**Required work:**
Repeat every record word for word and omit the images.

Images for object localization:
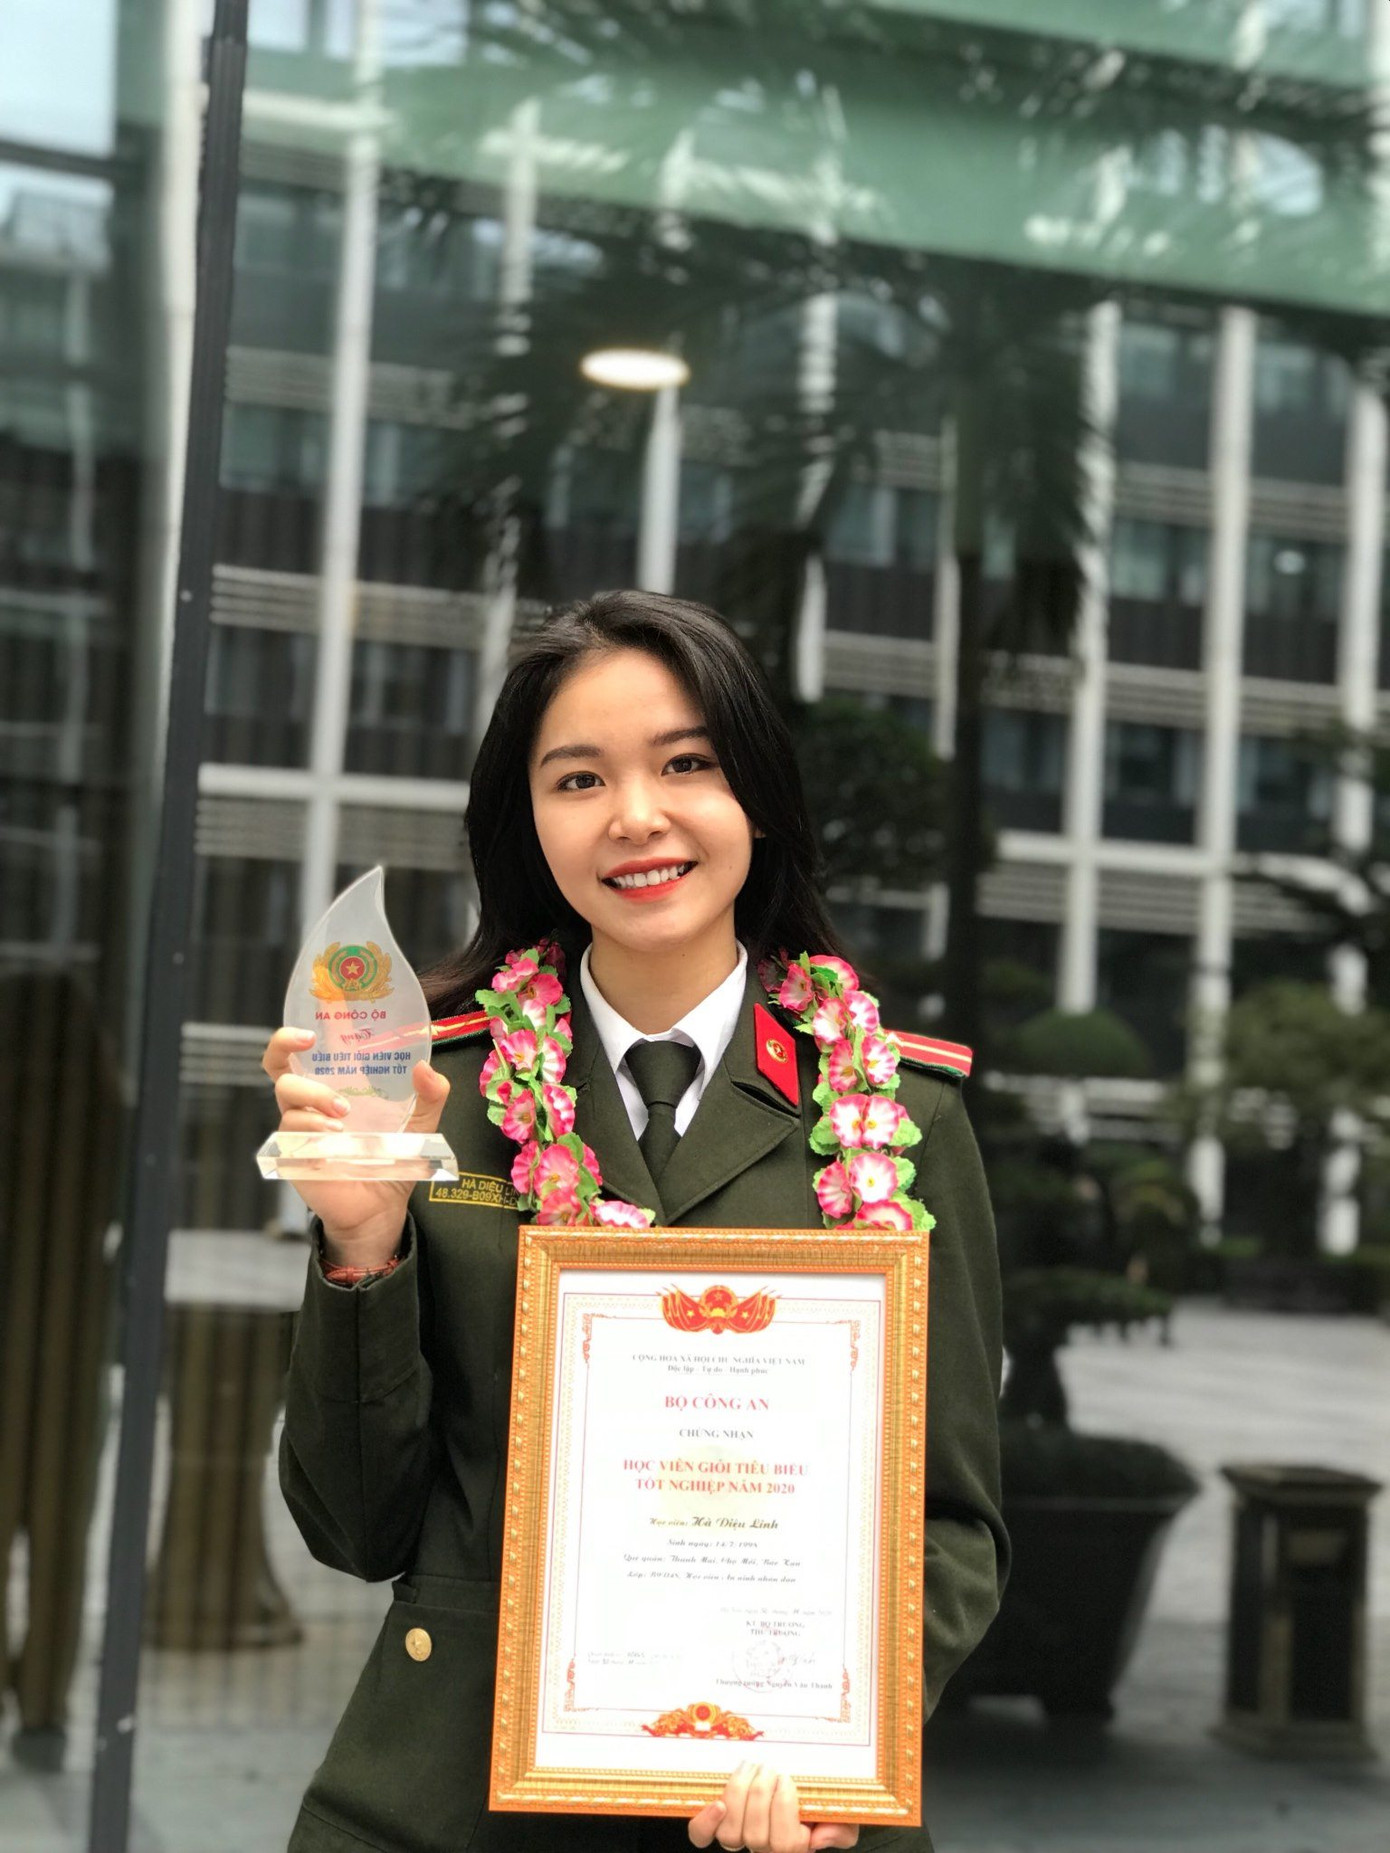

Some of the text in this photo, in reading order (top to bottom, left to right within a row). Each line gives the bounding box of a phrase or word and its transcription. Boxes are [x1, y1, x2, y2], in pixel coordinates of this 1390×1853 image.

[461, 1178, 476, 1190] HÀ
[478, 1180, 504, 1194] DIỆU
[692, 1393, 741, 1410] CÔNG
[746, 1398, 770, 1411] AN
[623, 1459, 655, 1473] HỌC
[767, 1482, 796, 1494] 2020

**Task answer:**
Some of the text in this photo, in reading order (top to bottom, left to right within a row). Each line gives the bounding box of a phrase or word and its transcription. Boxes are [x1, y1, x2, y2], in pixel coordinates of this 1390×1853 image.

[461, 1178, 476, 1190] HÀ
[478, 1180, 504, 1194] DIỆU
[692, 1393, 741, 1410] CÔNG
[746, 1398, 770, 1411] AN
[623, 1459, 655, 1473] HỌC
[767, 1482, 796, 1494] 2020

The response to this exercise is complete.